The sheet post-processing device 1 houses paths used in variable
combinations according to, for example, the size of ejected sheets, the
need of stapling operation, the need of reverse ejection, and the
selection of an ejection tray. Desirable paths are selected from those
paths and combined to form a transport path along which the sheets are
processed as required and then ejected.
The paths are, specifically, composed of a direct path 21, a detour path
22, a reverse path 23, a linking path 24, an upper fixed tray ejection
path 25, a lower fixed tray ejection path 26, an offset tray ejection path
27, a lower staple tray 15.
The direct path 21 extends downward from the sheet feeding port 4, passes
through reverse rollers 42, and as explained in detail below, further
extends to a space between an upper staple tray 14 and the lower staple
tray 15, both trays extending vertically. The sheet ejected from the
copying machine 2 is directed through the direct path 21 to pass through
the reverse rollers 42 and reaches the lower staple tray 15.

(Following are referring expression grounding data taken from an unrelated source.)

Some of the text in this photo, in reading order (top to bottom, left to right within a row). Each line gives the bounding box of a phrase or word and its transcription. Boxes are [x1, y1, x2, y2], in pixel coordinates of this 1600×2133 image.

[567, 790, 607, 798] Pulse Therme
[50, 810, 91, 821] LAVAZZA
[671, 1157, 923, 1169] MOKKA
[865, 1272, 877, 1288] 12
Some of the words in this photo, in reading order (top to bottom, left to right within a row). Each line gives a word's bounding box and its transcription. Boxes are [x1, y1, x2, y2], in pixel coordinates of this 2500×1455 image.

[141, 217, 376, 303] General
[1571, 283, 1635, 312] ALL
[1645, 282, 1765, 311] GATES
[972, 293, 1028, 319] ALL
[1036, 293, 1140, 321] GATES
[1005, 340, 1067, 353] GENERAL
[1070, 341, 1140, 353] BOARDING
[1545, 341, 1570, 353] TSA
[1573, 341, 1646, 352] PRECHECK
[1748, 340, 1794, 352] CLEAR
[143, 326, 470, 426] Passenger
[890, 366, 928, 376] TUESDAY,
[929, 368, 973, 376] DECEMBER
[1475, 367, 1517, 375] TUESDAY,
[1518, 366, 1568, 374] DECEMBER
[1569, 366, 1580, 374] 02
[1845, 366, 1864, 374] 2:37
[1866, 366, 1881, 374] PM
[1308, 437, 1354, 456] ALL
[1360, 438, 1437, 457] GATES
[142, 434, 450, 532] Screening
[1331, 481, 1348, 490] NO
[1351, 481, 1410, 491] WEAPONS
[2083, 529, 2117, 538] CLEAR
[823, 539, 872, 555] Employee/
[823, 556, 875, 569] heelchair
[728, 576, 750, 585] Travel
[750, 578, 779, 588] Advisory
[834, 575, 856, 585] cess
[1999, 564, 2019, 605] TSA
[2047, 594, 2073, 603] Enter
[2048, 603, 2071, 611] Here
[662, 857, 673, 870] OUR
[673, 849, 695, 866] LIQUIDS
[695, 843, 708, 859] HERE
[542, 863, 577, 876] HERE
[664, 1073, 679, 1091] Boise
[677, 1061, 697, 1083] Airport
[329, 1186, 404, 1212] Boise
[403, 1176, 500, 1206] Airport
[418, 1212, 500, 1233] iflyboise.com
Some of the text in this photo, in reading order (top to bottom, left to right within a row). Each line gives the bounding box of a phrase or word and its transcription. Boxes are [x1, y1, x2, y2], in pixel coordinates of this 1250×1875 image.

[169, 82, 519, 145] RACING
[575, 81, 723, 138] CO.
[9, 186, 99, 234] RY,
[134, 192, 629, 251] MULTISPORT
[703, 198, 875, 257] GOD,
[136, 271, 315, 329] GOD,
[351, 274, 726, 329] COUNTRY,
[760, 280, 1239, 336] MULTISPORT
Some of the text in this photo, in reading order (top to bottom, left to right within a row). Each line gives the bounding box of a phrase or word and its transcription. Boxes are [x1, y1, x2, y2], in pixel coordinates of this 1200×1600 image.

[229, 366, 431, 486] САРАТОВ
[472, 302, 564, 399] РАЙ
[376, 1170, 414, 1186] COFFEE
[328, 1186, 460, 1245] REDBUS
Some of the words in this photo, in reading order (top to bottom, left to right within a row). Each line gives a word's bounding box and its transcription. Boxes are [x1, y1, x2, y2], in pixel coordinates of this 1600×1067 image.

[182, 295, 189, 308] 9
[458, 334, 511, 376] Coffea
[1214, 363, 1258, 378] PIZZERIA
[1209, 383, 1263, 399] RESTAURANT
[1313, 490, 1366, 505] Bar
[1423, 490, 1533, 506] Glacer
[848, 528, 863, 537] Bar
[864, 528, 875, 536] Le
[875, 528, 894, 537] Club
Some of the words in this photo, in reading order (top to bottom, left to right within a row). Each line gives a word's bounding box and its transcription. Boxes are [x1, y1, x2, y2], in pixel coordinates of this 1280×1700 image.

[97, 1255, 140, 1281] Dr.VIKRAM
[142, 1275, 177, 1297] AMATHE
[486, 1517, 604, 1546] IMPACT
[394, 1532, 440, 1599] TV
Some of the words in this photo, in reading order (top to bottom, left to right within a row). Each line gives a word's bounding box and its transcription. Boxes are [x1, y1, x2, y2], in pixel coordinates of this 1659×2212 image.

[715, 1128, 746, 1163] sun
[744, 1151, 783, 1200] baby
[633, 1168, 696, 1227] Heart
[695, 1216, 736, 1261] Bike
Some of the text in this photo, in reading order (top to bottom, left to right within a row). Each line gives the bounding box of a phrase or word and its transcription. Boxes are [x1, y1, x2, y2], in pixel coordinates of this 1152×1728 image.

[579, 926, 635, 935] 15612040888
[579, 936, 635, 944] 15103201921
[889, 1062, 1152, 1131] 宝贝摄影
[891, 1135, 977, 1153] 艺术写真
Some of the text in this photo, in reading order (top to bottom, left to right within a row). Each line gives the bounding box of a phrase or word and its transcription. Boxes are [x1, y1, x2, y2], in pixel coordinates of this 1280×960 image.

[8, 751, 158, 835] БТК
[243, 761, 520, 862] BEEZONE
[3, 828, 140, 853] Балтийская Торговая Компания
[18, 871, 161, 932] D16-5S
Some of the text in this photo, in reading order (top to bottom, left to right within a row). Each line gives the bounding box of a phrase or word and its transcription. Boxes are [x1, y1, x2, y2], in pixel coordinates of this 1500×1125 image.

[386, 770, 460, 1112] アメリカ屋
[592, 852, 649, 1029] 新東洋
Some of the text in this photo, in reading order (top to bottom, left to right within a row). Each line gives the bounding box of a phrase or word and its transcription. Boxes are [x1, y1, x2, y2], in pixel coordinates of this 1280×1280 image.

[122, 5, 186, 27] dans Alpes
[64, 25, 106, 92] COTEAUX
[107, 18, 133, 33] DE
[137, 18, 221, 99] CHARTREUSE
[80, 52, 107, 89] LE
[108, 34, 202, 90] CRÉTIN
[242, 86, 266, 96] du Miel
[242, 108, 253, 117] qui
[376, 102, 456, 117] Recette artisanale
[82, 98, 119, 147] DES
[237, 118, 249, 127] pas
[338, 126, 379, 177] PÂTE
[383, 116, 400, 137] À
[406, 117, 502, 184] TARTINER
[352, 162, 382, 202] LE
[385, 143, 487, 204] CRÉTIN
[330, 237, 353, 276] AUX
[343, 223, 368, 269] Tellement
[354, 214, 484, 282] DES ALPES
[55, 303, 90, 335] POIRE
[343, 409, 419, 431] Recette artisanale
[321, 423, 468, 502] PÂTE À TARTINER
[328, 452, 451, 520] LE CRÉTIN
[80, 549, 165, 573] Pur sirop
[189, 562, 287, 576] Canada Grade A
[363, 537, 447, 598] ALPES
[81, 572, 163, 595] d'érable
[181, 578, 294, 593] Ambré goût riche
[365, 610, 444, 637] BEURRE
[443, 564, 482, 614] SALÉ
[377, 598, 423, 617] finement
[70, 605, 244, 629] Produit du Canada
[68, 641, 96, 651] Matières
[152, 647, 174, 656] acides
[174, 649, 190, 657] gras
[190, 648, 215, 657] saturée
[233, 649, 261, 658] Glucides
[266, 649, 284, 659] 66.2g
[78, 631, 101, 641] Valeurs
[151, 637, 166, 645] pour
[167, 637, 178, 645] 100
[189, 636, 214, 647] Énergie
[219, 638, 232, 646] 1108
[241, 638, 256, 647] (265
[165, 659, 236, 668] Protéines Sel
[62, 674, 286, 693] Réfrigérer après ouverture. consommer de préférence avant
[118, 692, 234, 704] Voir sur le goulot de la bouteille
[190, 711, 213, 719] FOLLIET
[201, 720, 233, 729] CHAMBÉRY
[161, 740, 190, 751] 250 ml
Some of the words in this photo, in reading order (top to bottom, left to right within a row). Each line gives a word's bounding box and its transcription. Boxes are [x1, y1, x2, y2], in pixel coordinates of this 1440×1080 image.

The detour path 22 extends upwards from the sheet feeding port 4, skirts
around the top edge of the upper staple tray 14, extends downward along
the side of the sheet post-processing device 1 close to the trays, curves
before the offset tray 11, and reaches the bottom edge of the lower staple
tray 15. Between the sheet feeding port 4 and the bottom edge of the lower
staple tray 15, the detour path 22 is divided into three segmented detour
paths 22a to 22c. The upper fixed tray ejection path 25 branches out at
the connection point of the detour path 22a and the detour path 22b so as
to guide and eject the sheet onto the upper fixed tray 12. The lower fixed
tray ejection path 26 branches out at the connection point of the detour
path 22b and the detour path 22c so as to guide and eject the sheet onto
the lower fixed tray 13.
The reverse path 23 extends almost vertically close to the copying machine
2 from near the space between the upper staple tray 14 and the lower
staple tray 15 near the reverse rollers 42 disposed at the bottom end of
the direct path 21. Therefore, the sheet guided by the direct path 21 can
be transported either to the lower staple tray 15 or to the reverse path
23. The sheet guided to the reverse path 23 is sent to the detour path 22
via the linking path 24 as being reversed by the reverse rollers 42.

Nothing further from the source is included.